[Text-to-region grounding data]
****

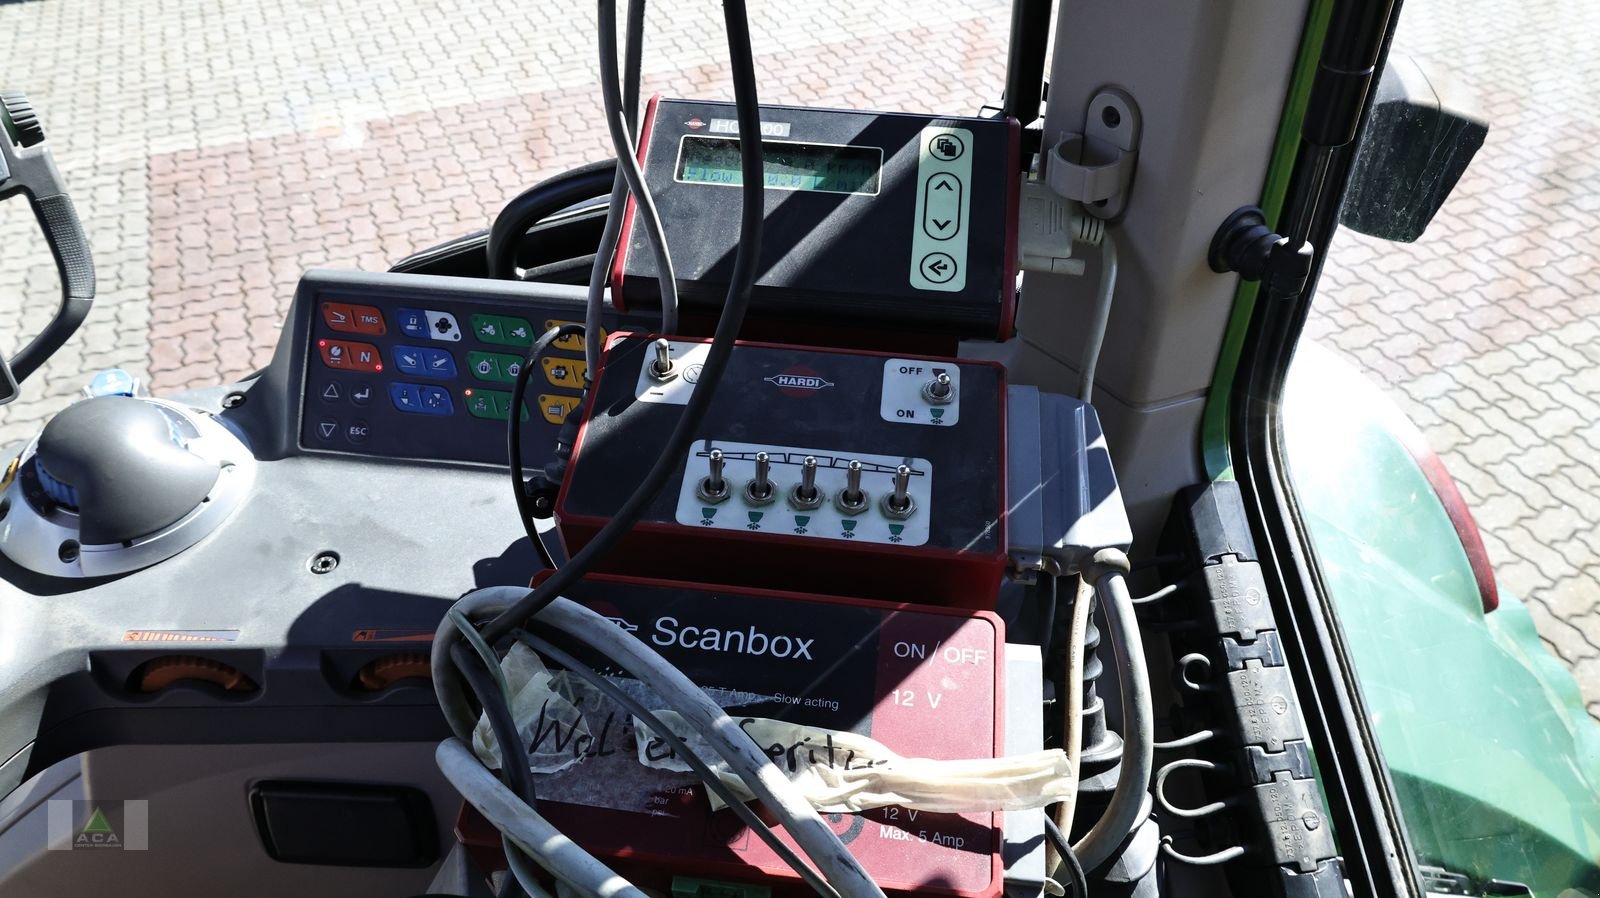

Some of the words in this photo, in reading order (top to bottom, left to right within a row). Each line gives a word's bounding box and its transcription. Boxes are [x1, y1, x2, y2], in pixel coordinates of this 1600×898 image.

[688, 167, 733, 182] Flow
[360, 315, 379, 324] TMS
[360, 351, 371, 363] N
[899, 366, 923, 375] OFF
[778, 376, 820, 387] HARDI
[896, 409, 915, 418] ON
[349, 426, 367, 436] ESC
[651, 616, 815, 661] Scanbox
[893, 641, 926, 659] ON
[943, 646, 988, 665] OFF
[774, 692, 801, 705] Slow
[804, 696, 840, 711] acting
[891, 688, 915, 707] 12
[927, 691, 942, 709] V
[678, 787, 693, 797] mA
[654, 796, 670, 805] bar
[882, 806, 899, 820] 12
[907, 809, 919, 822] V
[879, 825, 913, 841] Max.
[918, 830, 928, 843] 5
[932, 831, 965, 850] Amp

****

Only an exact copy of the entries, with no pictures, is expected as the answer.

Some of the words in this photo, in reading order (top to bottom, left to right within a row). Each line gives a word's bounding box and its transcription. Boxes are [x1, y1, x2, y2], in pixel coordinates of this 1600×898 image.

[688, 167, 733, 182] Flow
[360, 315, 379, 324] TMS
[360, 351, 371, 363] N
[899, 366, 923, 375] OFF
[778, 376, 820, 387] HARDI
[896, 409, 915, 418] ON
[349, 426, 367, 436] ESC
[651, 616, 815, 661] Scanbox
[893, 641, 926, 659] ON
[943, 646, 988, 665] OFF
[774, 692, 801, 705] Slow
[804, 696, 840, 711] acting
[891, 688, 915, 707] 12
[927, 691, 942, 709] V
[678, 787, 693, 797] mA
[654, 796, 670, 805] bar
[882, 806, 899, 820] 12
[907, 809, 919, 822] V
[879, 825, 913, 841] Max.
[918, 830, 928, 843] 5
[932, 831, 965, 850] Amp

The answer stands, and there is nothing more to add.